D&C is generally recommended for women who do not want to wait for spontaneous passage of the pregnancy, and in women with heavy bleeding or infection. This usually avoids the heavy bleeding and cramping that are typically involved with observation or medical treatment.
Women who have an Rh negative blood type (i.e., A, B, AB, or O negative) may need to be given a drug called Rh(D) immune globulin (RhoGam®). This medicine helps protect future pregnancies against problems that can occur if an Rh negative mother is carrying a baby who is Rh positive.
Following miscarriage, it is recommended to avoid having sex or putting anything into the vagina, such as a douche or tampon, until your doctor says it is ok. This gives time for the cervix to close down to reduce the risk of infection.
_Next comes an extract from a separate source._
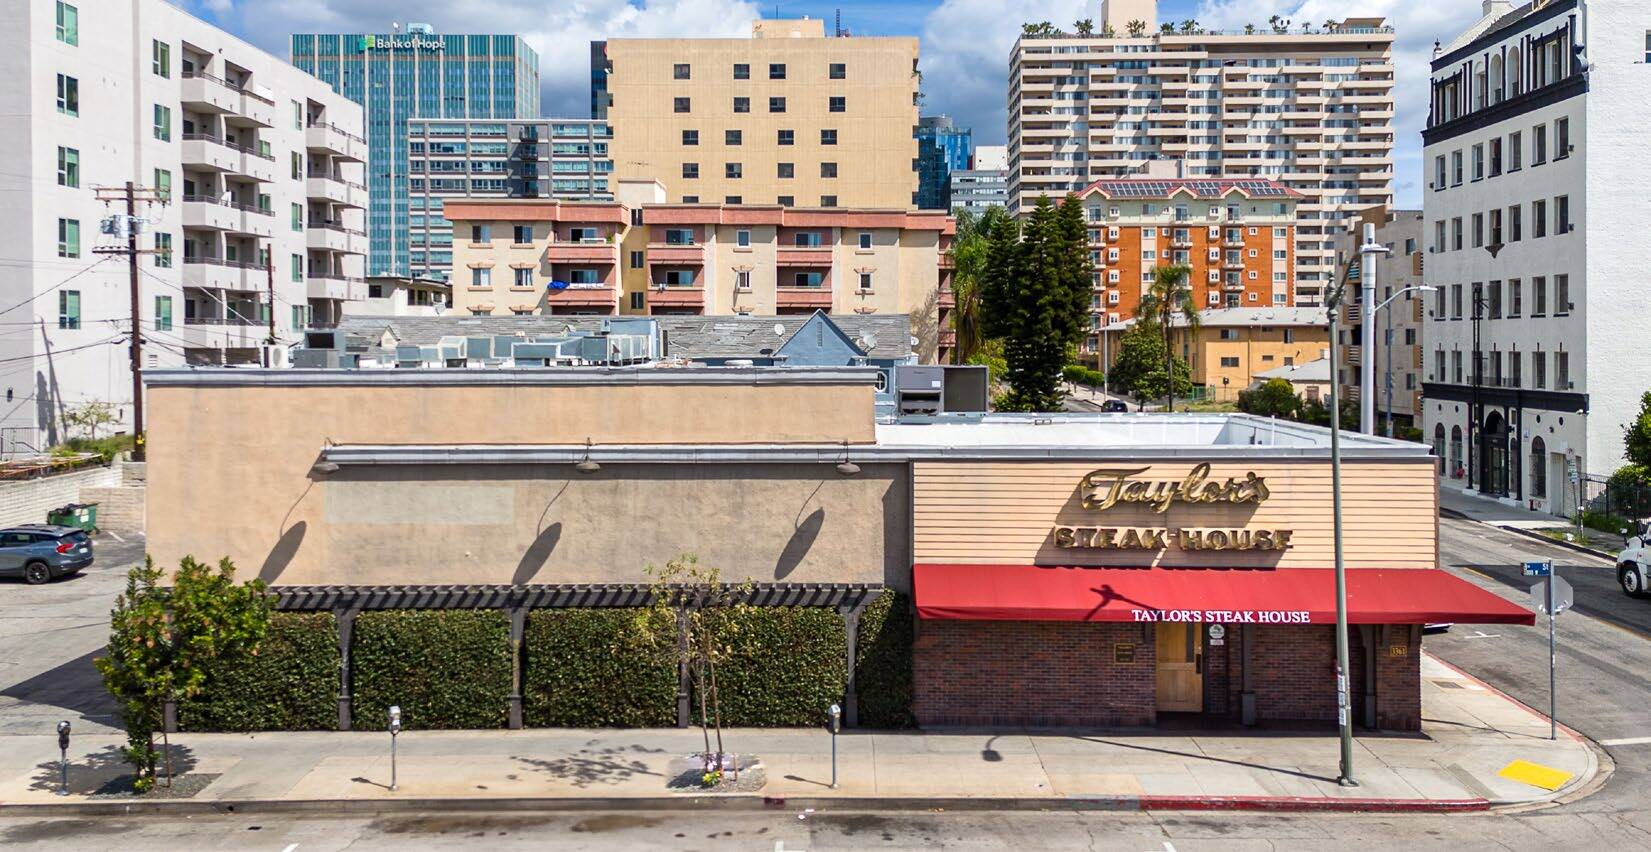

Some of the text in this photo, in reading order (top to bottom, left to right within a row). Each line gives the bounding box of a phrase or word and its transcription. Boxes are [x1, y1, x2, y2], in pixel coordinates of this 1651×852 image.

Women have traditionally been told to wait a specific amount of time before trying to become pregnant again, although several studies have shown no increased risks with a shorter interval. We usually recommend waiting until you have at least one normal menses.
Women experience a range of emotions following miscarriage; there is no right or wrong way to feel, and the loss of a pregnancy can cause significant grief. Sometimes these reactions are strong and long-lasting. An individual experiencing profound sadness or depression following pregnancy loss, especially if it continues for greater than a few weeks, should reach out to a healthcare provider for support. Referral for grief counseling or other treatment also may be helpful.